(Goal of the exercise) Text only, exactly as given: reproduce the entries below without their pictures.

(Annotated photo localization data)
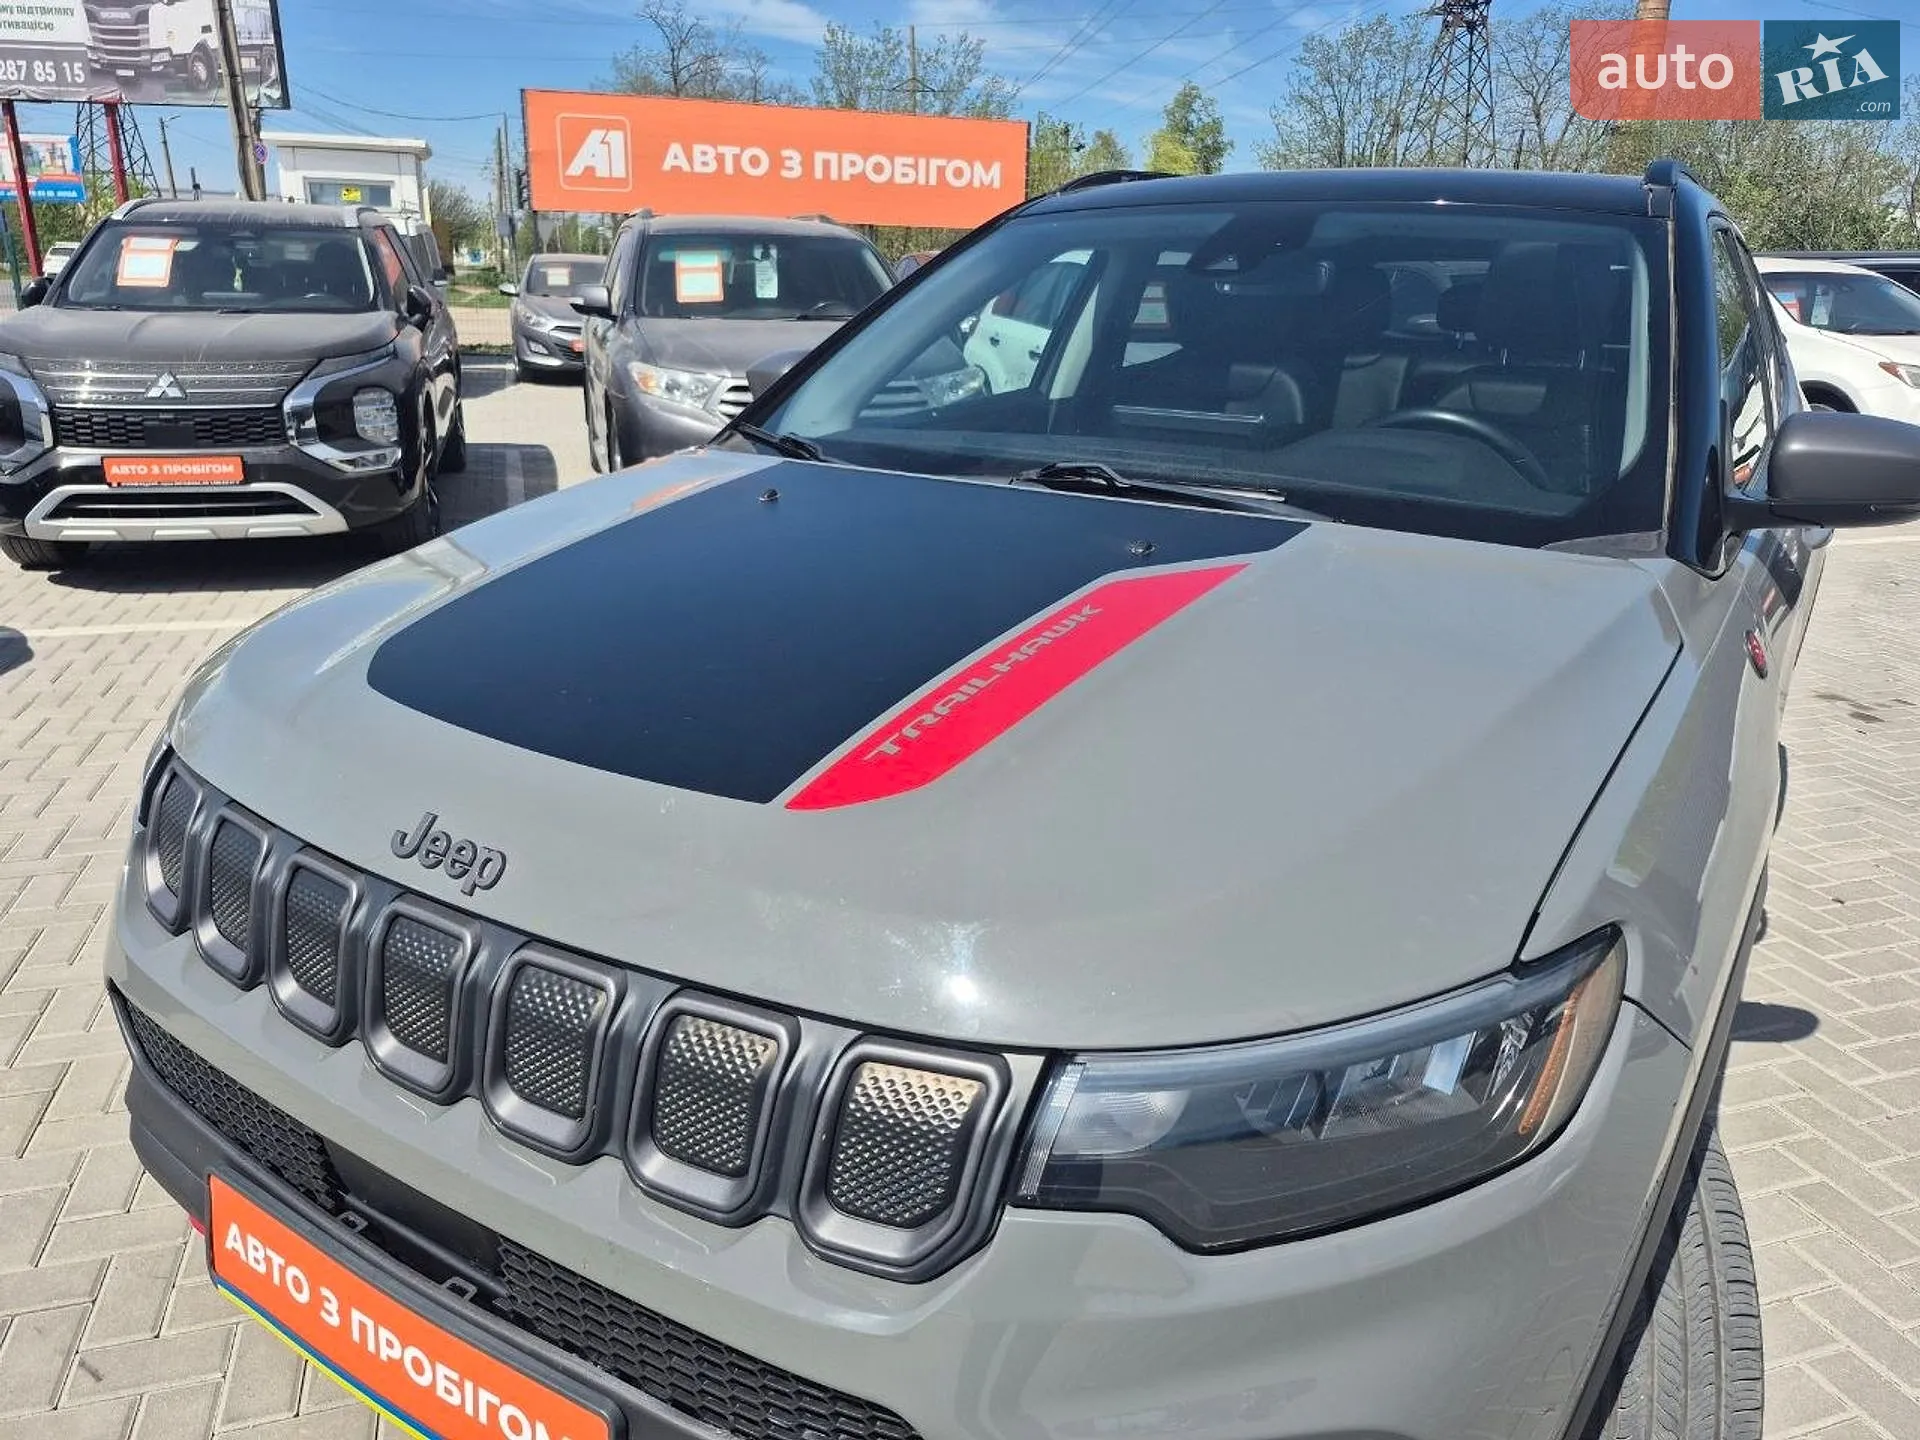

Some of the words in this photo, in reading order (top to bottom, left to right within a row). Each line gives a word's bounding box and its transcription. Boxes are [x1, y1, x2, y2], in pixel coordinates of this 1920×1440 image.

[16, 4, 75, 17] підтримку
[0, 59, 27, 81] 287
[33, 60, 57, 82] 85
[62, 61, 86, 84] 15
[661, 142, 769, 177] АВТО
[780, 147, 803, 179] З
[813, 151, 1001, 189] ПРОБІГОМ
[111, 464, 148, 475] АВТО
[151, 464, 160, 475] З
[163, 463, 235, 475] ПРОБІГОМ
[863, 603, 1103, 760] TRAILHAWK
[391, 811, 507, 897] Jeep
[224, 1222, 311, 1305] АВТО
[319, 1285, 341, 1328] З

(Task answer)
Some of the words in this photo, in reading order (top to bottom, left to right within a row). Each line gives a word's bounding box and its transcription. Boxes are [x1, y1, x2, y2], in pixel coordinates of this 1920×1440 image.

[16, 4, 75, 17] підтримку
[0, 59, 27, 81] 287
[33, 60, 57, 82] 85
[62, 61, 86, 84] 15
[661, 142, 769, 177] АВТО
[780, 147, 803, 179] З
[813, 151, 1001, 189] ПРОБІГОМ
[111, 464, 148, 475] АВТО
[151, 464, 160, 475] З
[163, 463, 235, 475] ПРОБІГОМ
[863, 603, 1103, 760] TRAILHAWK
[391, 811, 507, 897] Jeep
[224, 1222, 311, 1305] АВТО
[319, 1285, 341, 1328] З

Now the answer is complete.